» **What you will do**: Transcribe the data below in full, exactly.

------ Data records

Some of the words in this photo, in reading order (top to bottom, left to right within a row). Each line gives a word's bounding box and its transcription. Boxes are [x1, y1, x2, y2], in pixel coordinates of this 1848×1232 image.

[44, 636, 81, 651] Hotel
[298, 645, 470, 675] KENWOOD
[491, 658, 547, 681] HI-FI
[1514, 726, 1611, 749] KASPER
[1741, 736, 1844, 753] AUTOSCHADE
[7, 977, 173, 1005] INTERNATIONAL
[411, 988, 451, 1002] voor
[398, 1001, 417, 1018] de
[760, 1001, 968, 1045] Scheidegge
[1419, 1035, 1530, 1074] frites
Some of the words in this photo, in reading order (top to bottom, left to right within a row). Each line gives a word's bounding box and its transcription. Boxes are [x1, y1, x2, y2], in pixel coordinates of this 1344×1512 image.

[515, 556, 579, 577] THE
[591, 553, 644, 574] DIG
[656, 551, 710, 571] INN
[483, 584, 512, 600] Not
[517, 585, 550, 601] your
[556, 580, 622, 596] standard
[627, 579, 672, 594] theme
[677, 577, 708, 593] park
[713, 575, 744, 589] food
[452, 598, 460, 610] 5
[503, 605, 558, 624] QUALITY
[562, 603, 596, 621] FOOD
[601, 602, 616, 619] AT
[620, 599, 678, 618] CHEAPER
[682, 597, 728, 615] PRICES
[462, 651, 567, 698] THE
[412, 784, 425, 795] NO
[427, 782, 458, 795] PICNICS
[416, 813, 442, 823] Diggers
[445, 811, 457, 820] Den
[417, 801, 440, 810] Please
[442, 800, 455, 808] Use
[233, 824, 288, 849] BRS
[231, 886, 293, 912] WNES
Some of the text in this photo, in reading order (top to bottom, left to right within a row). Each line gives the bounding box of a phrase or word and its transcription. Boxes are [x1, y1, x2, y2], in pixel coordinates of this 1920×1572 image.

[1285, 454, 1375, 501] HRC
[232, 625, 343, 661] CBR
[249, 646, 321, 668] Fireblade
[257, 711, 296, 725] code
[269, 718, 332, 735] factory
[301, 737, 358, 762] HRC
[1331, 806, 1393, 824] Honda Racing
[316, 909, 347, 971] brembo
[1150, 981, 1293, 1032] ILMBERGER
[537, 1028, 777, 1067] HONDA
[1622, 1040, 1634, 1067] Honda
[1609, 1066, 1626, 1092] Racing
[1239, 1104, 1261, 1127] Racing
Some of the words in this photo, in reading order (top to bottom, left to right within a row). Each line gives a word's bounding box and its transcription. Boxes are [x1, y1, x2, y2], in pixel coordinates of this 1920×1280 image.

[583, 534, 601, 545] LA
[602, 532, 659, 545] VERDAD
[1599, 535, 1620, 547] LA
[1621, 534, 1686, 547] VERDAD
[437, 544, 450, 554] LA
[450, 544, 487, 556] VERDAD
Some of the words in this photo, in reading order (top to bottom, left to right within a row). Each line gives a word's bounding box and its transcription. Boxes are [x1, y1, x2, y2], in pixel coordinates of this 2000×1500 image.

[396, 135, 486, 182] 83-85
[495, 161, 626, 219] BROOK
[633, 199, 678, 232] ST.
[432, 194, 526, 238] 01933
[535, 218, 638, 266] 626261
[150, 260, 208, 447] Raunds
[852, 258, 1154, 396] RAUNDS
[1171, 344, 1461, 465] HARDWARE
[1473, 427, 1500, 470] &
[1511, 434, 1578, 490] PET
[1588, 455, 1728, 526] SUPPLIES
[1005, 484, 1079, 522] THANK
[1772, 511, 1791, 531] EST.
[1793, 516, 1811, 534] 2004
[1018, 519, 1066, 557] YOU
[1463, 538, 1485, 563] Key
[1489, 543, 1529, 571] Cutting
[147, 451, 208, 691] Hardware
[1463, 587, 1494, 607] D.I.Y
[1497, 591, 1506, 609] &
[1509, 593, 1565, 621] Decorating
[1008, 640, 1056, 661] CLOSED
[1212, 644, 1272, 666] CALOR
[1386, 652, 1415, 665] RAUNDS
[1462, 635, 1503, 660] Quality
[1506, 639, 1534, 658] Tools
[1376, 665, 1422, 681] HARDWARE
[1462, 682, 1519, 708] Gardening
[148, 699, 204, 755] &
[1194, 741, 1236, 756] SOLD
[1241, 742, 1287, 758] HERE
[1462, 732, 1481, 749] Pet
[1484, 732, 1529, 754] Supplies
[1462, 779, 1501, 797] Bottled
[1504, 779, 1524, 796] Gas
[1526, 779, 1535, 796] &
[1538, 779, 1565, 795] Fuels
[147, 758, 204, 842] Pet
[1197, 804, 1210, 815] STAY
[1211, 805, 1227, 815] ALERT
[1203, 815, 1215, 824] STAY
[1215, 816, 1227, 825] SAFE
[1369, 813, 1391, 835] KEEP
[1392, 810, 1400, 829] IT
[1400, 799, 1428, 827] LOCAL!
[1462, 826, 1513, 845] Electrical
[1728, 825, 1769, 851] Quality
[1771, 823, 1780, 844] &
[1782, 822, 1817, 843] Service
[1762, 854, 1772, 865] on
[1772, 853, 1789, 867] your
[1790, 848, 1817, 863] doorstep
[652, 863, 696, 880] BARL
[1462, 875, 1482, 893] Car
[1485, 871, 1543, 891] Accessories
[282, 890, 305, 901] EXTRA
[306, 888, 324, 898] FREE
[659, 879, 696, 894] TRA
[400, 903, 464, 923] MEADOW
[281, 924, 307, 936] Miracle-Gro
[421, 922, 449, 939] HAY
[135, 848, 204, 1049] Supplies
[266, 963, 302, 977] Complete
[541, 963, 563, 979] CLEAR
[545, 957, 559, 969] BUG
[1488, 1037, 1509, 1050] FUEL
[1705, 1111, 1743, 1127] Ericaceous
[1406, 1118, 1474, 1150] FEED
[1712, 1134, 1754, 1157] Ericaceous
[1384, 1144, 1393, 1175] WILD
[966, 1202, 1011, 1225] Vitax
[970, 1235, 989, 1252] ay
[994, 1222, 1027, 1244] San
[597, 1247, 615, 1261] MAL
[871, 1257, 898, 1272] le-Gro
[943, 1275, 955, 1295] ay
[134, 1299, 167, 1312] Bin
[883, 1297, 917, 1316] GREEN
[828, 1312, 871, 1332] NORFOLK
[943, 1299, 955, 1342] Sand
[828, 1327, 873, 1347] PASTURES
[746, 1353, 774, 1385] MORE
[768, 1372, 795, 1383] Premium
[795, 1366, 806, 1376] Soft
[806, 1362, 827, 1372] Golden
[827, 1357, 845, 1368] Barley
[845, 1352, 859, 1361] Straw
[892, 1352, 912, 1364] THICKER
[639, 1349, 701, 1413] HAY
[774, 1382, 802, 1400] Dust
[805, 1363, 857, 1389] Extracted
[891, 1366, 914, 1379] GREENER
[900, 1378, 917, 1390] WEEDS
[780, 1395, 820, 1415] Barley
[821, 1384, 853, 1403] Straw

------------

» **Answer space**:
Some of the words in this photo, in reading order (top to bottom, left to right within a row). Each line gives a word's bounding box and its transcription. Boxes are [x1, y1, x2, y2], in pixel coordinates of this 1848×1232 image.

[44, 636, 81, 651] Hotel
[298, 645, 470, 675] KENWOOD
[491, 658, 547, 681] HI-FI
[1514, 726, 1611, 749] KASPER
[1741, 736, 1844, 753] AUTOSCHADE
[7, 977, 173, 1005] INTERNATIONAL
[411, 988, 451, 1002] voor
[398, 1001, 417, 1018] de
[760, 1001, 968, 1045] Scheidegge
[1419, 1035, 1530, 1074] frites
Some of the words in this photo, in reading order (top to bottom, left to right within a row). Each line gives a word's bounding box and its transcription. Boxes are [x1, y1, x2, y2], in pixel coordinates of this 1344×1512 image.

[515, 556, 579, 577] THE
[591, 553, 644, 574] DIG
[656, 551, 710, 571] INN
[483, 584, 512, 600] Not
[517, 585, 550, 601] your
[556, 580, 622, 596] standard
[627, 579, 672, 594] theme
[677, 577, 708, 593] park
[713, 575, 744, 589] food
[452, 598, 460, 610] 5
[503, 605, 558, 624] QUALITY
[562, 603, 596, 621] FOOD
[601, 602, 616, 619] AT
[620, 599, 678, 618] CHEAPER
[682, 597, 728, 615] PRICES
[462, 651, 567, 698] THE
[412, 784, 425, 795] NO
[427, 782, 458, 795] PICNICS
[416, 813, 442, 823] Diggers
[445, 811, 457, 820] Den
[417, 801, 440, 810] Please
[442, 800, 455, 808] Use
[233, 824, 288, 849] BRS
[231, 886, 293, 912] WNES
Some of the text in this photo, in reading order (top to bottom, left to right within a row). Each line gives the bounding box of a phrase or word and its transcription. Boxes are [x1, y1, x2, y2], in pixel coordinates of this 1920×1572 image.

[1285, 454, 1375, 501] HRC
[232, 625, 343, 661] CBR
[249, 646, 321, 668] Fireblade
[257, 711, 296, 725] code
[269, 718, 332, 735] factory
[301, 737, 358, 762] HRC
[1331, 806, 1393, 824] Honda Racing
[316, 909, 347, 971] brembo
[1150, 981, 1293, 1032] ILMBERGER
[537, 1028, 777, 1067] HONDA
[1622, 1040, 1634, 1067] Honda
[1609, 1066, 1626, 1092] Racing
[1239, 1104, 1261, 1127] Racing
Some of the words in this photo, in reading order (top to bottom, left to right within a row). Each line gives a word's bounding box and its transcription. Boxes are [x1, y1, x2, y2], in pixel coordinates of this 1920×1280 image.

[583, 534, 601, 545] LA
[602, 532, 659, 545] VERDAD
[1599, 535, 1620, 547] LA
[1621, 534, 1686, 547] VERDAD
[437, 544, 450, 554] LA
[450, 544, 487, 556] VERDAD
Some of the words in this photo, in reading order (top to bottom, left to right within a row). Each line gives a word's bounding box and its transcription. Boxes are [x1, y1, x2, y2], in pixel coordinates of this 2000×1500 image.

[396, 135, 486, 182] 83-85
[495, 161, 626, 219] BROOK
[633, 199, 678, 232] ST.
[432, 194, 526, 238] 01933
[535, 218, 638, 266] 626261
[150, 260, 208, 447] Raunds
[852, 258, 1154, 396] RAUNDS
[1171, 344, 1461, 465] HARDWARE
[1473, 427, 1500, 470] &
[1511, 434, 1578, 490] PET
[1588, 455, 1728, 526] SUPPLIES
[1005, 484, 1079, 522] THANK
[1772, 511, 1791, 531] EST.
[1793, 516, 1811, 534] 2004
[1018, 519, 1066, 557] YOU
[1463, 538, 1485, 563] Key
[1489, 543, 1529, 571] Cutting
[147, 451, 208, 691] Hardware
[1463, 587, 1494, 607] D.I.Y
[1497, 591, 1506, 609] &
[1509, 593, 1565, 621] Decorating
[1008, 640, 1056, 661] CLOSED
[1212, 644, 1272, 666] CALOR
[1386, 652, 1415, 665] RAUNDS
[1462, 635, 1503, 660] Quality
[1506, 639, 1534, 658] Tools
[1376, 665, 1422, 681] HARDWARE
[1462, 682, 1519, 708] Gardening
[148, 699, 204, 755] &
[1194, 741, 1236, 756] SOLD
[1241, 742, 1287, 758] HERE
[1462, 732, 1481, 749] Pet
[1484, 732, 1529, 754] Supplies
[1462, 779, 1501, 797] Bottled
[1504, 779, 1524, 796] Gas
[1526, 779, 1535, 796] &
[1538, 779, 1565, 795] Fuels
[147, 758, 204, 842] Pet
[1197, 804, 1210, 815] STAY
[1211, 805, 1227, 815] ALERT
[1203, 815, 1215, 824] STAY
[1215, 816, 1227, 825] SAFE
[1369, 813, 1391, 835] KEEP
[1392, 810, 1400, 829] IT
[1400, 799, 1428, 827] LOCAL!
[1462, 826, 1513, 845] Electrical
[1728, 825, 1769, 851] Quality
[1771, 823, 1780, 844] &
[1782, 822, 1817, 843] Service
[1762, 854, 1772, 865] on
[1772, 853, 1789, 867] your
[1790, 848, 1817, 863] doorstep
[652, 863, 696, 880] BARL
[1462, 875, 1482, 893] Car
[1485, 871, 1543, 891] Accessories
[282, 890, 305, 901] EXTRA
[306, 888, 324, 898] FREE
[659, 879, 696, 894] TRA
[400, 903, 464, 923] MEADOW
[281, 924, 307, 936] Miracle-Gro
[421, 922, 449, 939] HAY
[135, 848, 204, 1049] Supplies
[266, 963, 302, 977] Complete
[541, 963, 563, 979] CLEAR
[545, 957, 559, 969] BUG
[1488, 1037, 1509, 1050] FUEL
[1705, 1111, 1743, 1127] Ericaceous
[1406, 1118, 1474, 1150] FEED
[1712, 1134, 1754, 1157] Ericaceous
[1384, 1144, 1393, 1175] WILD
[966, 1202, 1011, 1225] Vitax
[970, 1235, 989, 1252] ay
[994, 1222, 1027, 1244] San
[597, 1247, 615, 1261] MAL
[871, 1257, 898, 1272] le-Gro
[943, 1275, 955, 1295] ay
[134, 1299, 167, 1312] Bin
[883, 1297, 917, 1316] GREEN
[828, 1312, 871, 1332] NORFOLK
[943, 1299, 955, 1342] Sand
[828, 1327, 873, 1347] PASTURES
[746, 1353, 774, 1385] MORE
[768, 1372, 795, 1383] Premium
[795, 1366, 806, 1376] Soft
[806, 1362, 827, 1372] Golden
[827, 1357, 845, 1368] Barley
[845, 1352, 859, 1361] Straw
[892, 1352, 912, 1364] THICKER
[639, 1349, 701, 1413] HAY
[774, 1382, 802, 1400] Dust
[805, 1363, 857, 1389] Extracted
[891, 1366, 914, 1379] GREENER
[900, 1378, 917, 1390] WEEDS
[780, 1395, 820, 1415] Barley
[821, 1384, 853, 1403] Straw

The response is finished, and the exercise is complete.